A domande che scaturiscono da un incipit in cui si sparge sale sulle ferite di tanti insegnanti di oggi, segue l’avvertimento che siamo ad un «bivio culturale» ed è necessario «scegliere la strada dell’erotizzazione del sapere» perché «l’insegnante sappia preservare il giusto posto dell’impossibile. È – continua Recalcati – il tratto che caratterizza ogni trasmissione autentica: la trasmissione del sapere di cui la Scuola si incarica ad ogni livello, dalle scuole elementari sino a quelle post-universitarie, non è la chiarificazione dell’esistenza o la riduzione della verità a una somma di informazioni, ma la messa in evidenza di come ruoti attorno a un impossibile da trasmettere.
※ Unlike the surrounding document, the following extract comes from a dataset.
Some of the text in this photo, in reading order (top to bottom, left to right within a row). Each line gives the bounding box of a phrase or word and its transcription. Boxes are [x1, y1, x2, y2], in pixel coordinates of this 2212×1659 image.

Il maestro non è colui che possiede il sapere, ma colui che sa entrare in un rapporto singolare con l’impossibilità di sapere tutto il sapere (…) Un insegnamento ha come tratto distintivo il confronto con il limite che attraversa il sapere, mentre il maestro che mostra di possedere tutto il sapere può essere solo una caricatura risibile del sapere. Di qui la centralità che assume lo stile».
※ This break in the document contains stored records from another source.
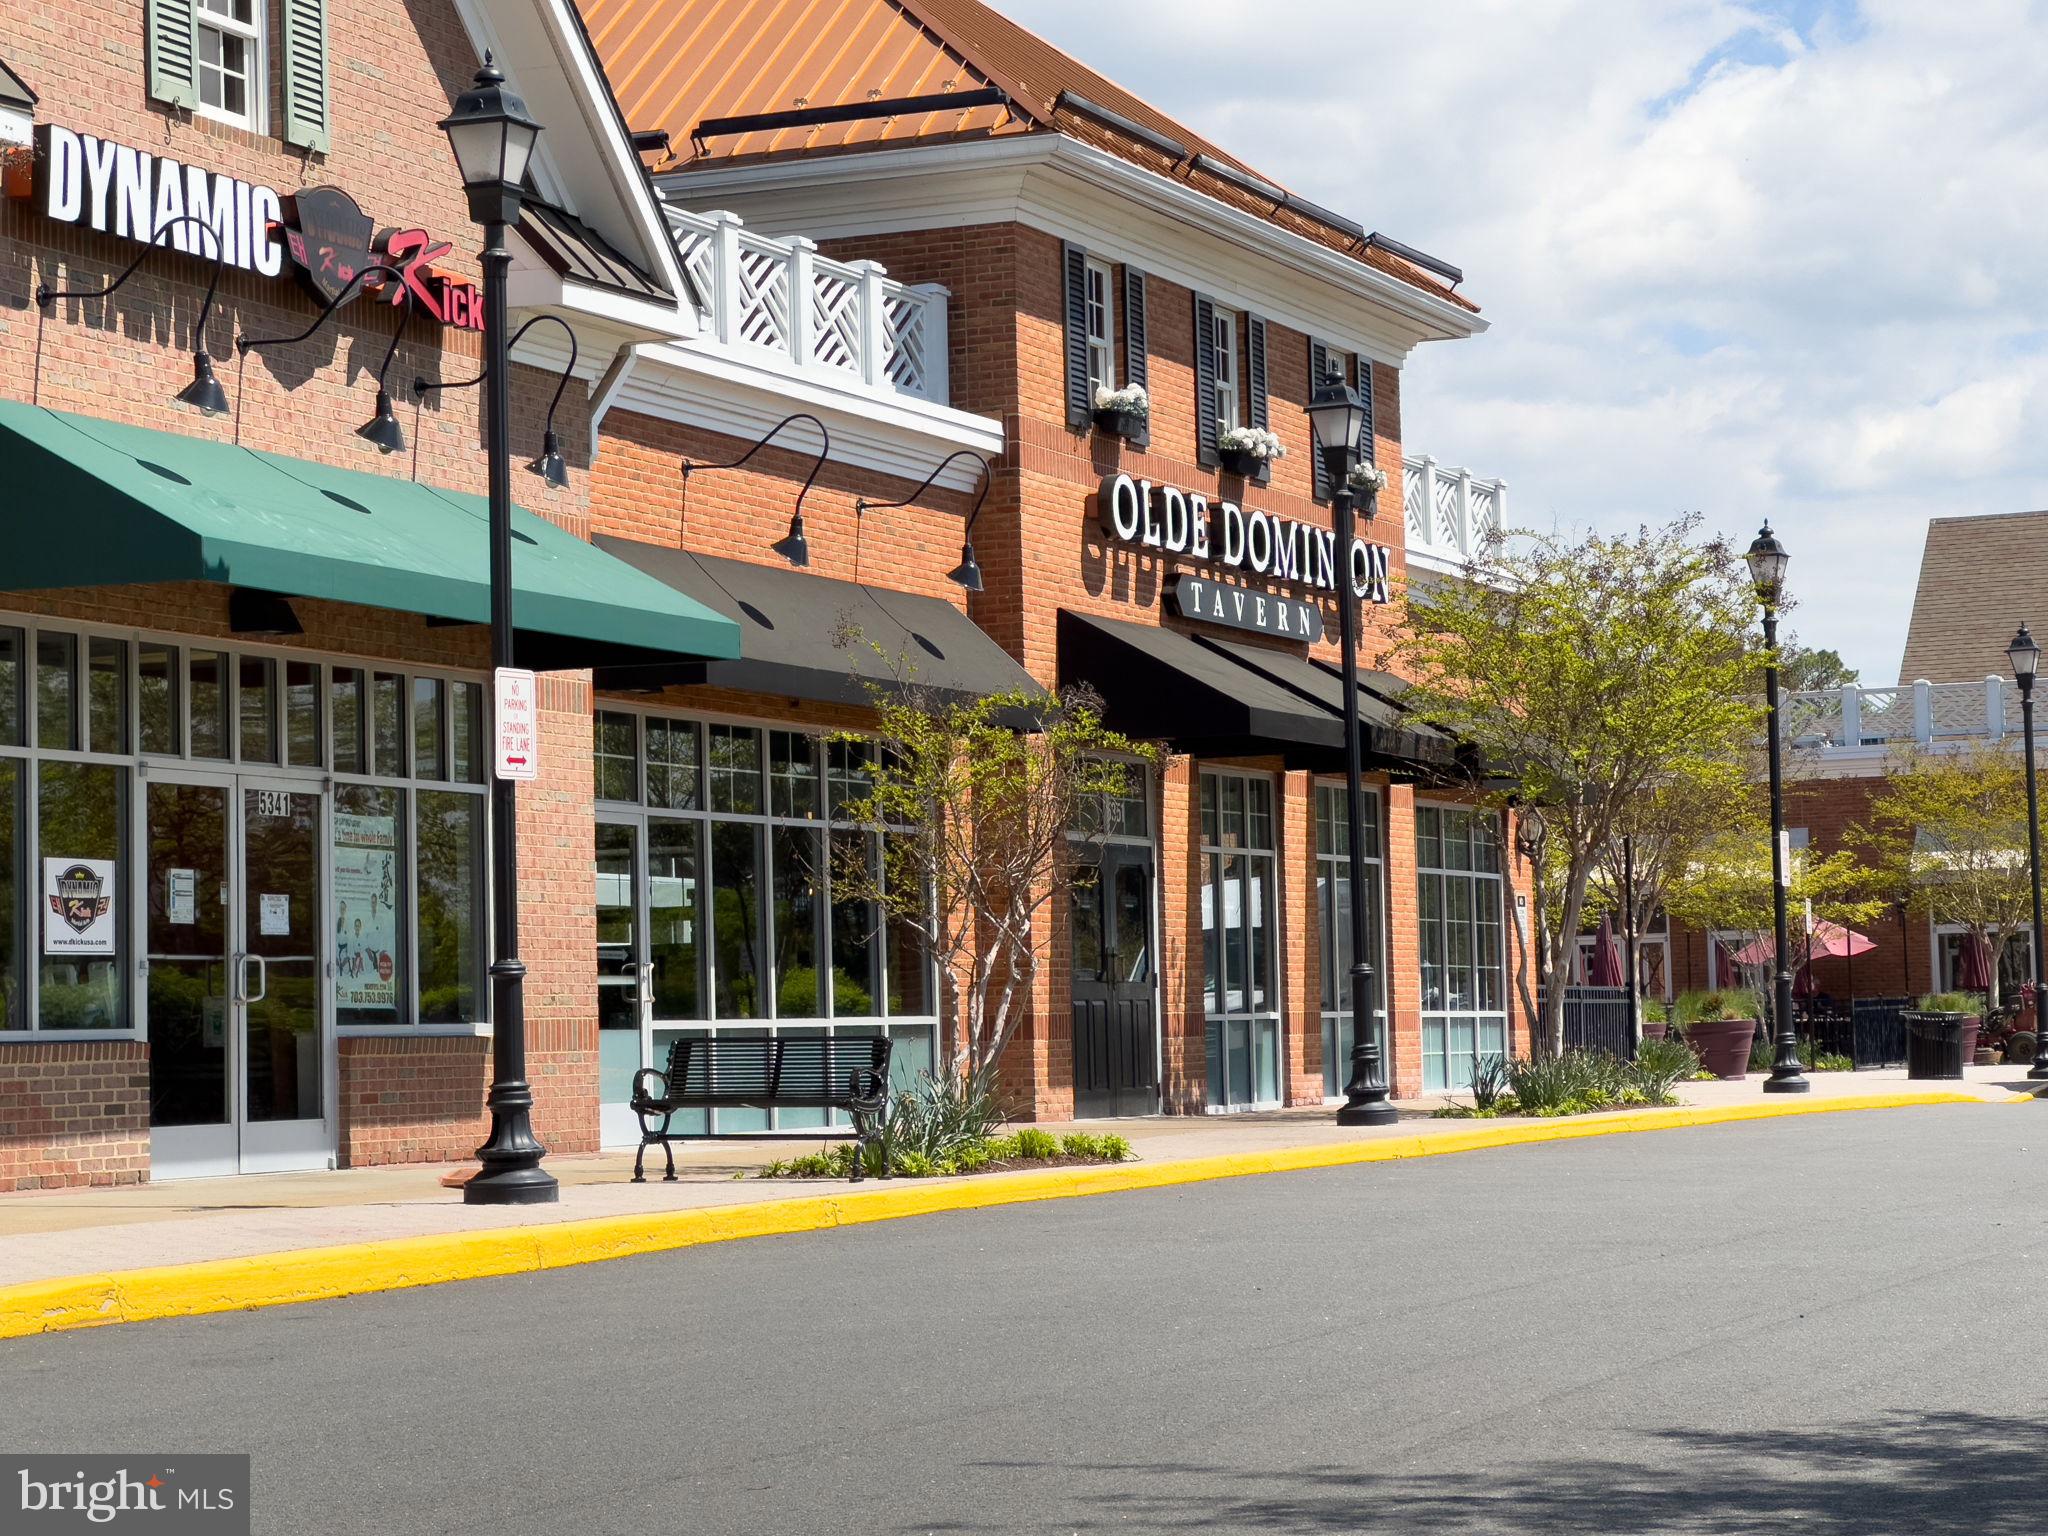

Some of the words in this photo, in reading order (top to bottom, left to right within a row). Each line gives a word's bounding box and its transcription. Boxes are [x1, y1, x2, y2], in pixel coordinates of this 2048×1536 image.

[48, 123, 282, 277] DYNAMIC
[1112, 474, 1209, 559] OLDE
[1222, 501, 1391, 605] DOMINON
[1191, 582, 1311, 637] TAVERN
[511, 684, 520, 696] NO
[504, 698, 528, 712] PARKING
[503, 721, 530, 735] STANDING
[502, 736, 514, 751] FIRE
[516, 737, 530, 752] LANE
[259, 792, 290, 816] 5341
[61, 881, 99, 899] DYNAMIC
La funzione insostituibile dell’insegnante

«Ogni insegnante – leggiamo ancora – insegna a partire da uno stile che lo contraddistingue. Non si tratta di tecnica né di metodo. Lo stile è il rapporto che l’insegnante sa stabilire con ciò che insegna a partire dalla singolarità della sua esistenza e del suo desiderio di sapere. La tesi principale di questo libro è che quel che resta della Scuola è la funzione insostituibile dell’insegnante. Questa funzione è quella di aprire il soggetto alla cultura come luogo di “umanizzazione della vita”, è quello di rendere possibile l’incontro con la dimensione erotica del sapere».

Amare la stortura della vite

Passando attraverso alcuni modelli interpretativi della funzione della Scuola e dei suoi «complessi» (Scuola-Edipo, Scuola-Narciso, Scuola-Telemaco: quest’ultimo «si realizza nell’incontro con una persona che sa testimoniare non soltanto di sapere il sapere, ma anche che il sapere si può amare»), Recalcati ci prende per mano e ci fa vedere «la bellezza della stortura». È facile «raccogliere testimonianze di ragazzi e ragazze che raccontano come l’incontro con un’ora di lezione abbia modificato per sempre il cammino della loro vita. La Scuola non serve innanzitutto a questo? Non serve a produrre un soggetto, un desiderio singolare, una passione che può orientare la vita? L’incontro tra generazioni diverse, tra insegnanti e allievi, ma anche quello tra il soggetto e l’alterità reale e simbolica dell’istituzione, obbliga a decentrarsi dal proprio Io e a rompere il legame con il gruppo familiare. Un’apertura inedita diventa possibile e in essa può emergere un’attitudine, una vocazione, un’inclinazione singolare. (…) Mobilitato dall’incontro con la parola dell’insegnante e dalla scoperta della dimensione erotica del sapere è questo desiderio singolare che appare sulla scena. Esso nasce per lo più sempre storto. Non è mai conforme a quello che l’Altro può attendere. Questa stortura appartiene di diritto al ritratto del figlio, di ogni figlio. La forza dell’educazione non è recuperarla a un ideale standard di normalità, ma potenziarla, difenderla, amarla. Ecco una buona definizione dell’educazione: amare la stortura della vite».

Il libro è del 2014, ma vale davvero la pena di leggerlo o di riprenderlo in mano. Farà bene agli insegnanti, a chiunque ami la Scuola o – in qualunque situazione – sia chiamato ad un compito educativo.